Now, all these models we’ve talked about come from experimental data and are built by using parsimonious explanations of the data to explain broader natural phenomenon. They don’t require a special ability in mathematics as such. But even in biology, there is a special place for the type of theory provided by physicists and mathematicians. At its best, mathematical modelling explains what is and is not possible and decisively helps rule out something very unlikely to be. This is very powerful when deterministic models are used. These can determine outcomes exactly the same way for a given set of initial conditions. This is also very powerful in stochastic models, which really are statistical models, where randomness is present but the outcomes are probabilistic distributions.

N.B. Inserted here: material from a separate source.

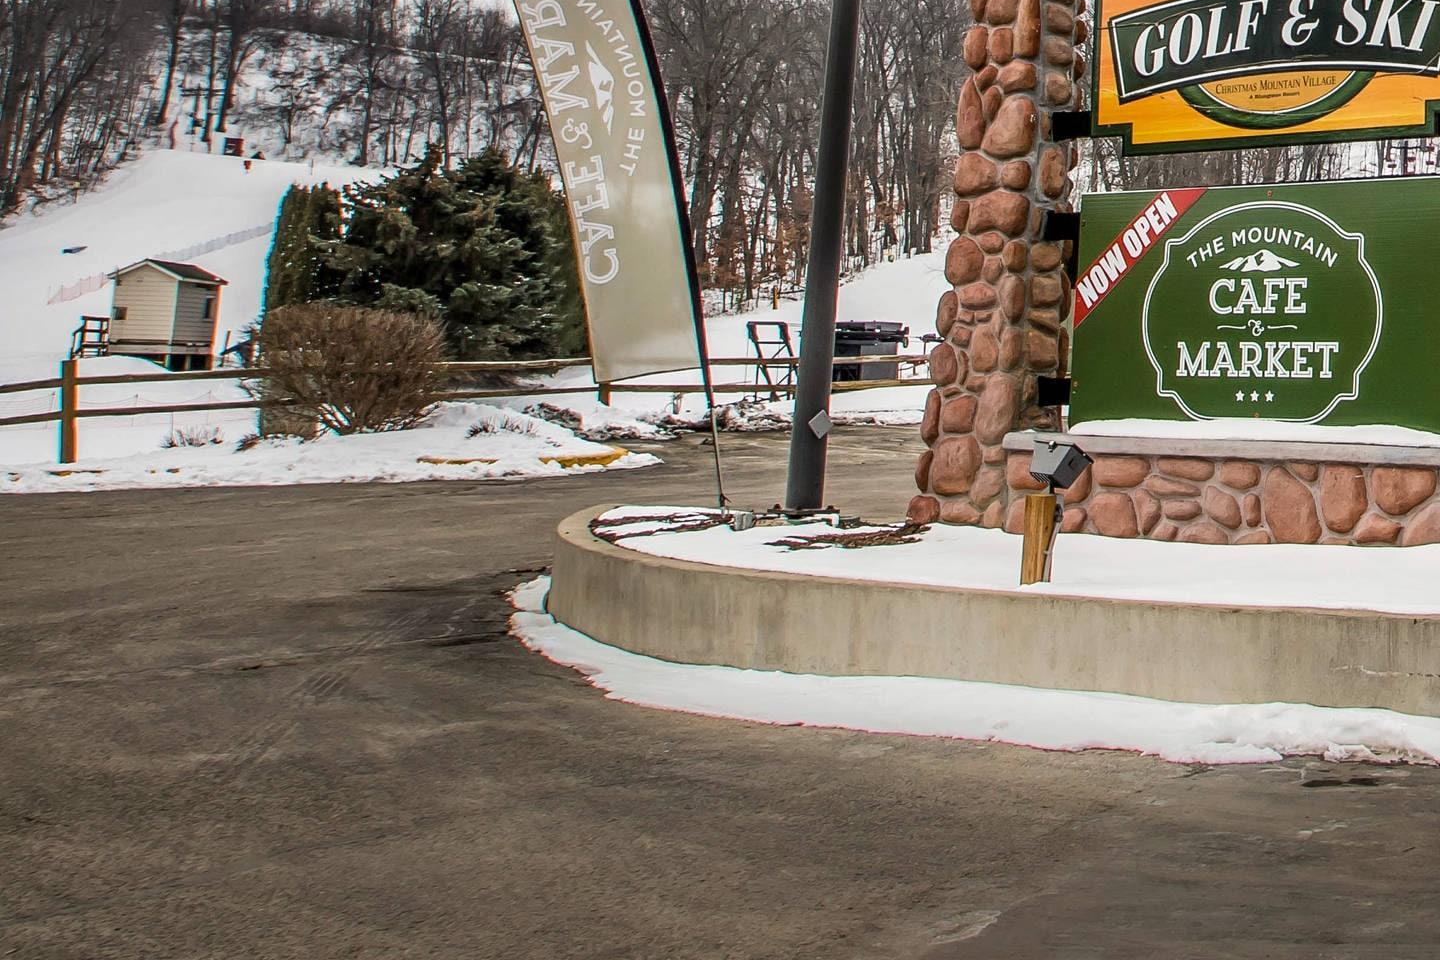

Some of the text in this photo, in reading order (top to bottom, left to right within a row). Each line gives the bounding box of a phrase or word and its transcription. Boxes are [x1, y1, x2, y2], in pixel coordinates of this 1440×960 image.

When done rigorously, statistical models make a compelling argument on what is the most statistically likely explanation for a phenomenon or outcome for an event. There are other types of modelling in biology that heavily rely on aspects of mathematical modelling. This includes constructing metabolic or signalling networks in cells or organisms, which tell you how information is transferred within organisms (these could be food, chemical molecules or external stimulus). This also includes cellular modelling – understanding how proteins fold and function. And concepts from mathematical modelling are heavily used in assembling big genomes as well as making sense of the enormous amounts of information in the metagenomes of multiple organisms.
Theory, in biology, has now almost come full circle, from being prominent a century ago to fading into near obscurity to now coming back into prominence. The importance of theory is only going to increase in the coming years of Big Data. A future in biological discovery for a student with no appreciation of mathematics seems somewhat bleak. So in our current frenetic era of experimental biology, let us raise a small toast of appreciation for theory and models, which help us understand how the natural world works.
Sunil Laxman is a scientist at the Institute for Stem Cell Biology and Regenerative Medicine, studying cellular decision-making. He has a keen interest in the history and process of science and how science influences society.